Siyasal olan ile dini olanın ilişkisinin nasıl kurulacağı, kurulması gerektiği; siyasal İslam ile resmi laiklik savunusu arasındaki gerilim hattından akan ve neredeyse yüz yıldır çözülemeyen bir sorun olarak orta yerde duruyor. Erken Cumhuriyet döneminin katı, denetleyici hamlelerinden, darbe dönemlerinin bir tür anti-komünist çare olarak köpürttüğü Türk-İslam sentezi çabalarına –elbette bu çabaların yarattığı reaksiyonlar ve uzun vadeli sonuçlarıyla birlikte- devletin de bu ilke ile kurduğu ilişkinin görünümleri değişmiş, başkalaşmıştır. Tüm bu başkalaşımın izini sürmek ve etkilerini hesap etmek böylesi bir yazının boyunu fersah fersah aşıyor.

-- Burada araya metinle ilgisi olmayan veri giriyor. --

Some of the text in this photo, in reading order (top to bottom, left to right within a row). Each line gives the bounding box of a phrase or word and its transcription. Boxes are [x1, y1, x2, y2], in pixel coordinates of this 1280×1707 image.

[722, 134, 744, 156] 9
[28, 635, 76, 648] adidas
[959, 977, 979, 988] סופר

Burada parlamenter muhalefetin ana unsuruna, CHP’ye bakarak, siyasetin dinselleşmesinin çok temel bir özgürlükler sorunu olduğu hatırlatılacaktır. CHP’ye bakılacak çünkü parti, cumhuriyetin ilk yıllarından itibaren süren bu gerilim hattında kendini esasen, bir temel cumhuriyet ilkesi olarak laikliğin koruyucusu, savunucusu, güvencesi olarak sunması sebebiyle bir ucu temsil etmektedir. Onun söylemsel yeğlemelerine bakmak hegemonik hale gelen siyasal söylemin geçirdiği dönüşümü görmek bakımından kolaylaştırıcıdır.

Siyasal söylemin dinselleşmesi: Kul hakkı, israf, helalleşme…

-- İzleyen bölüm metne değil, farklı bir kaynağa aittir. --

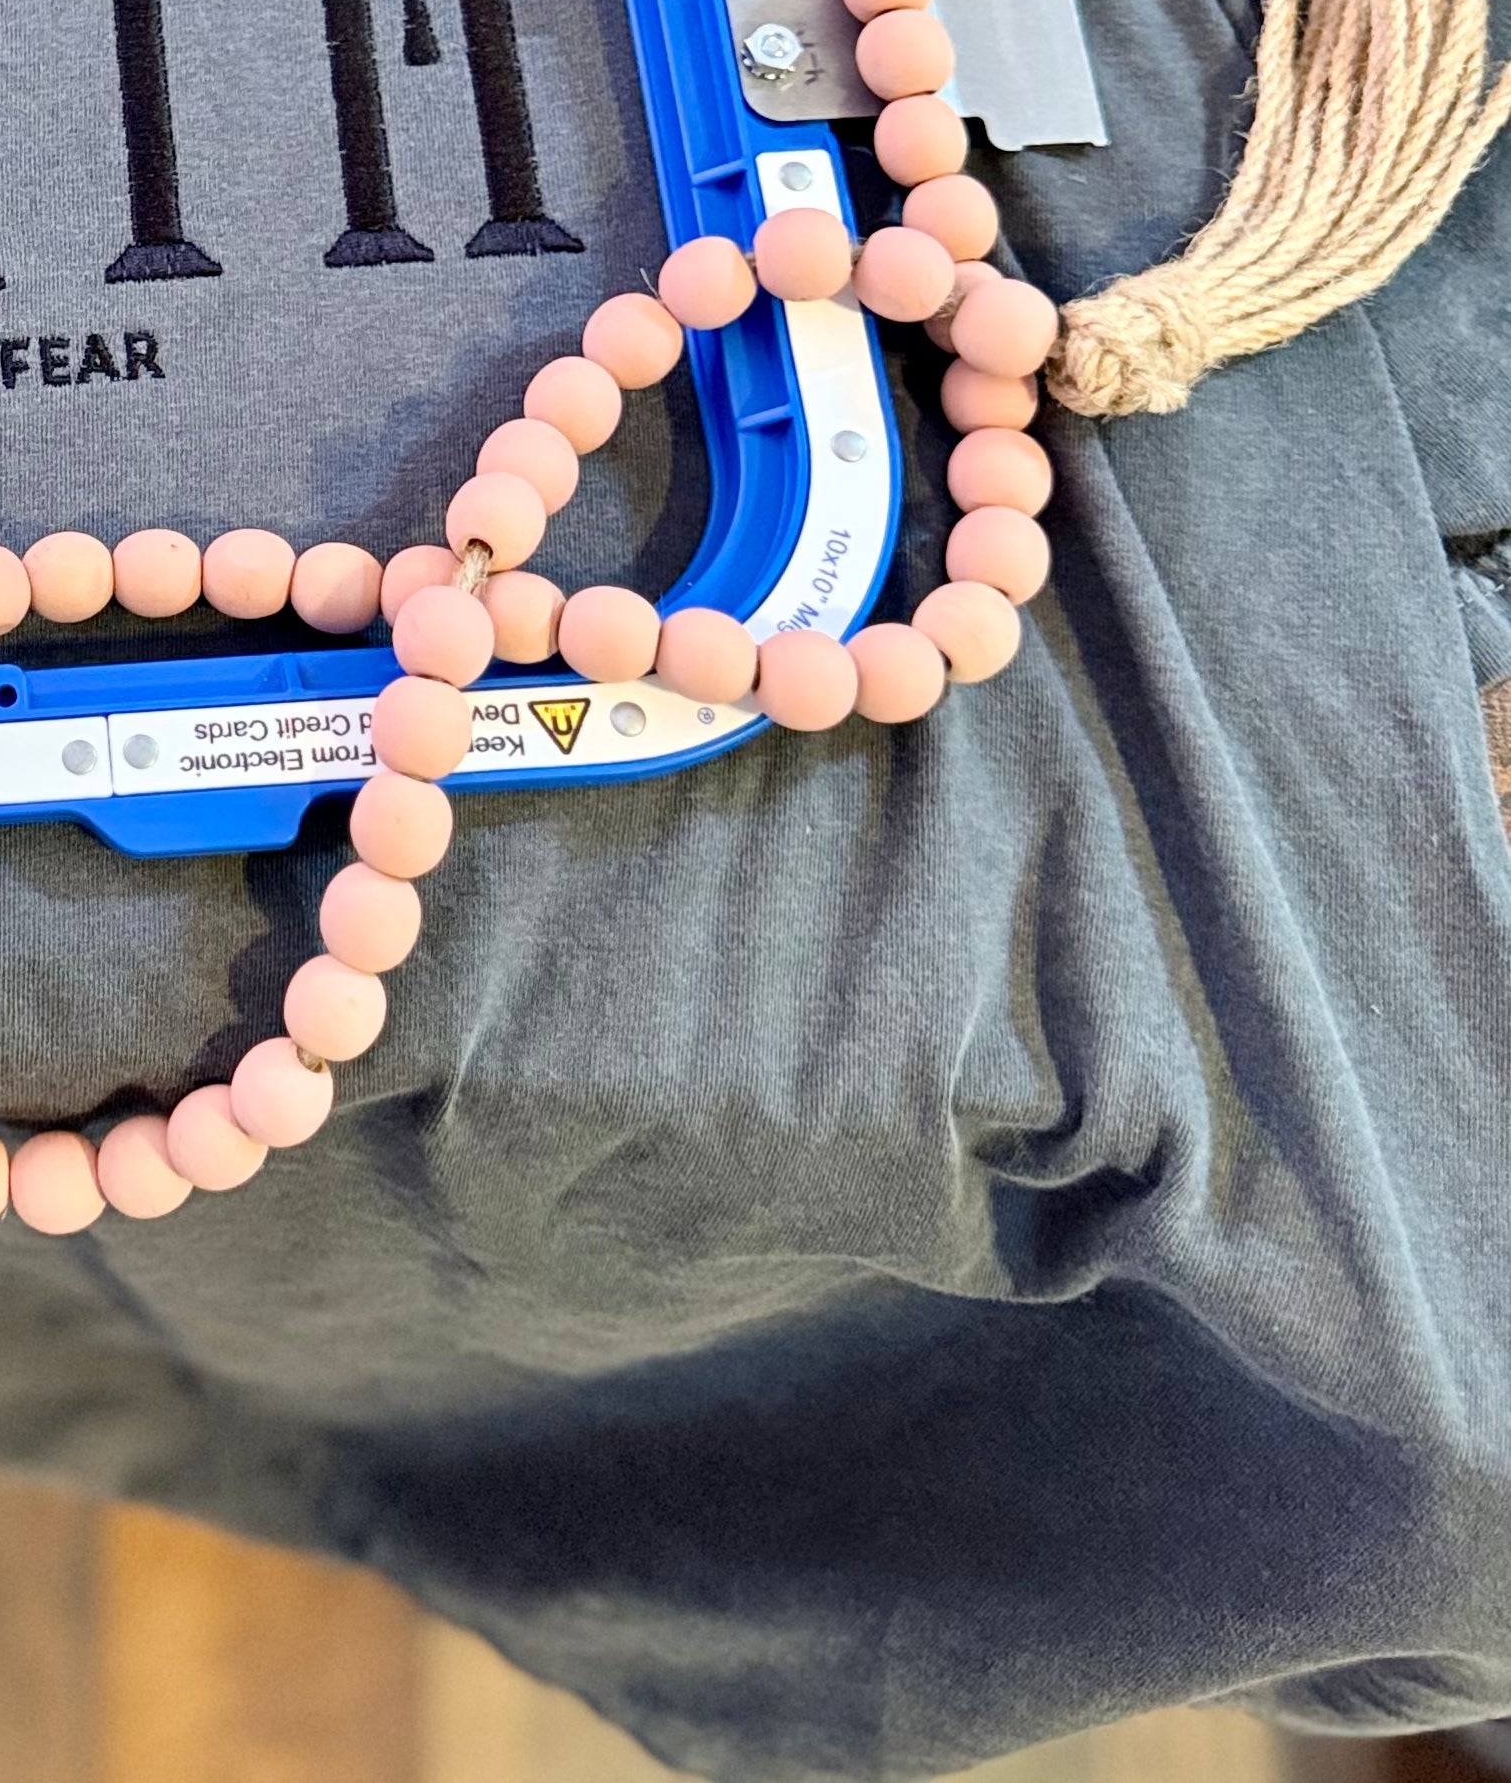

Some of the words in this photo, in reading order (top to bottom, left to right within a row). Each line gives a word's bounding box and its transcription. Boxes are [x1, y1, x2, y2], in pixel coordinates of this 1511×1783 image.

[0, 320, 166, 390] FEAR
[194, 719, 269, 744] Cards
[275, 714, 351, 740] Credit
[312, 743, 377, 766] From
[466, 734, 526, 757] Kee
[179, 748, 305, 778] Electronic

Türkiye’de siyasetin dinselleşmesinin, siyasal söylemin giderek daha belirgin düzeyde dini referanslar ve ölçütler aracılığıyla kurulmasının ve bu söylemsel inşanın yalnızca siyasal İslamcı bir politik çizgiyi temsil etmenin ötesinde hegemonik hale gelişinin 2002’den bu yana derinleştiğini söylemek gerekir. AKP’nin iktidara geldiği 2002 seçimlerinden bu yana onunla yarışan siyasi partiler, AKP’nin seçmen tabanını aşındırabilmek, dindar, muhafazakâr seçmen tabanına seslenebilmek gayretiyle, giderek artan düzeyde dini referansı söylemlerine içermiştir.

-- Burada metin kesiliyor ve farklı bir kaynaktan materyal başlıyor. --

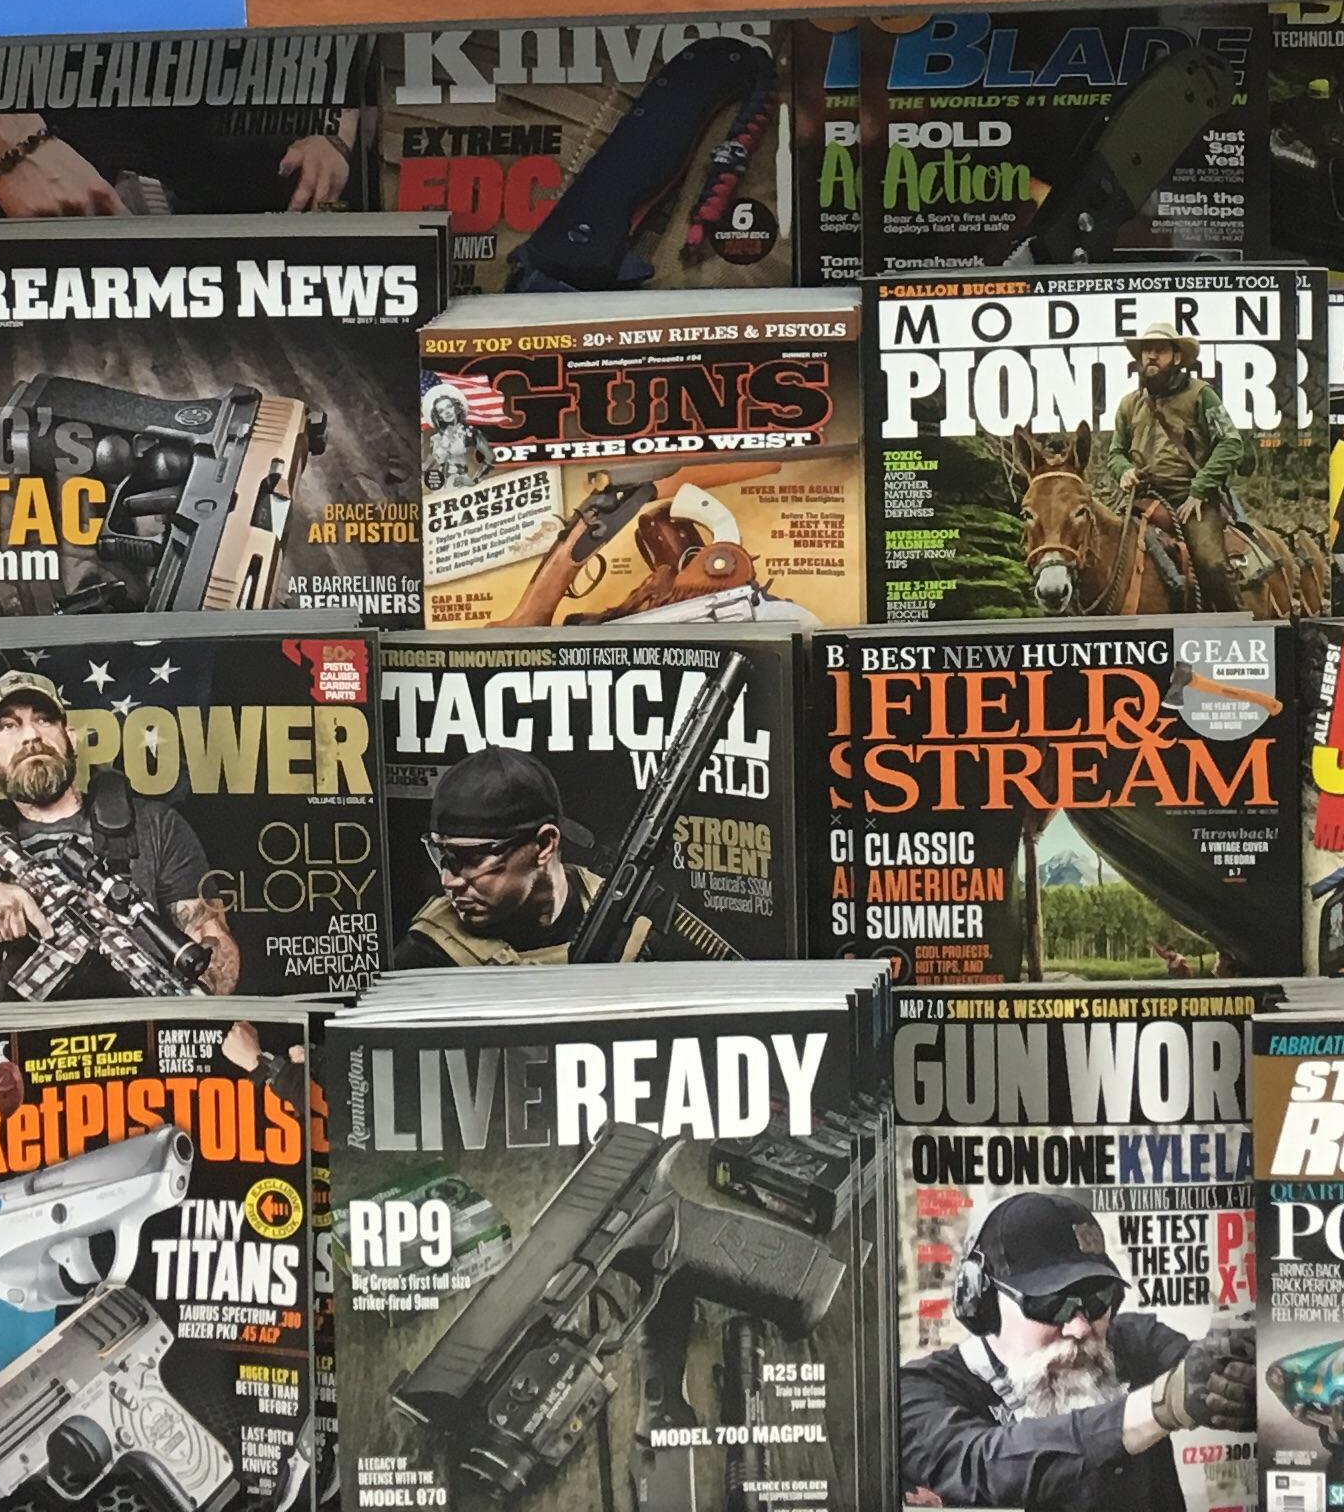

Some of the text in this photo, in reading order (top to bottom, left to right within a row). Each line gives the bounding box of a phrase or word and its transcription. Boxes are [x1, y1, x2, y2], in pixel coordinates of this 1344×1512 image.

Son dönemlerde Kemal Kılıçdaroğlu’nun “helalleşme” hamlesini de bu gidişat içinden değerlendirmek mümkündür. Kılıçdaroğlu’nun CHP genel başkanı olarak yürüttüğü ilk seçim kampanyası 2011 yılında yapılan milletvekilliği genel seçimidir ve kampanyanın Konya mitinginde (12.05.2011) “Biz kul hakkı yemeyecek sadece kul hakkı yiyenlerle mücadele edeceğiz… Şimdi soruyorum, bütün mütedeyyin yurttaşlarıma soruyorum, kul hakkı yiyenler Kemal kardeşinizin karşısına çıkamaz yolsuzluk yapanlar Kemal kardeşinizin karşısına çıkamaz. Sandığa giderken eğer kul hakkı yiyenler bu düzeni devam ettirsin diyorsanız ona bişey demem” Bu konuşmalarda öne çıkan, belirgin bir tema olan “kul hakkı” sorunu o günden bu yana konu yolsuzlukla mücadele söz konusu olduğunda kuvvetle tedavüle sokulmaktadır. 7 Haziran 2015 milletvekilliği genel seçimlerinde ise benzer bir seslenme biçimi korunmuştur. Şu sözler, İstanbul mitingindendir (31.05.2015): “İsraf almış başını gidiyor, milyonluk arabalara çerez parası diyorlar, israfı biz yapmıyoruz demek için Papa’yı örnek gösteriyorlar. Dindar kardeşlerime sesleniyorum. Bunlar yoldan çıktı, söylediklerini bilmiyorlar, bütün dünyaları para bütün dünyaları bu dünya. Eğer israf konusunda örnek göstereceksen sevgili peygamberimizi göster, onun mütevazı hayatını göster. İsrafın haram olduğunu ondan öğreneceksin.” Burada CHP, dindarlık/laiklik ikiliği içinde kalıp, seslendiği topluluğu bir konum değişikliğine çağırmak yerine, bu değişikliği kendi yaparak, dindarlara, onları da temsil edebileceğini söylediği bir konuma oturur. Bunun anlamı bu ikilik üzerinden kurulan bir siyasal temsil düzeninin dışına çıkma çabasıdır. 2011 seçimlerindeki Herkes için CHP kampanyasının Ankara seslenişi de açıkça ortaya koyar: “Bizim adımız Ali, bizim adımız Osman, bizim adımız Kemal, bizim adımız Ozan, bizim adımız Burak…”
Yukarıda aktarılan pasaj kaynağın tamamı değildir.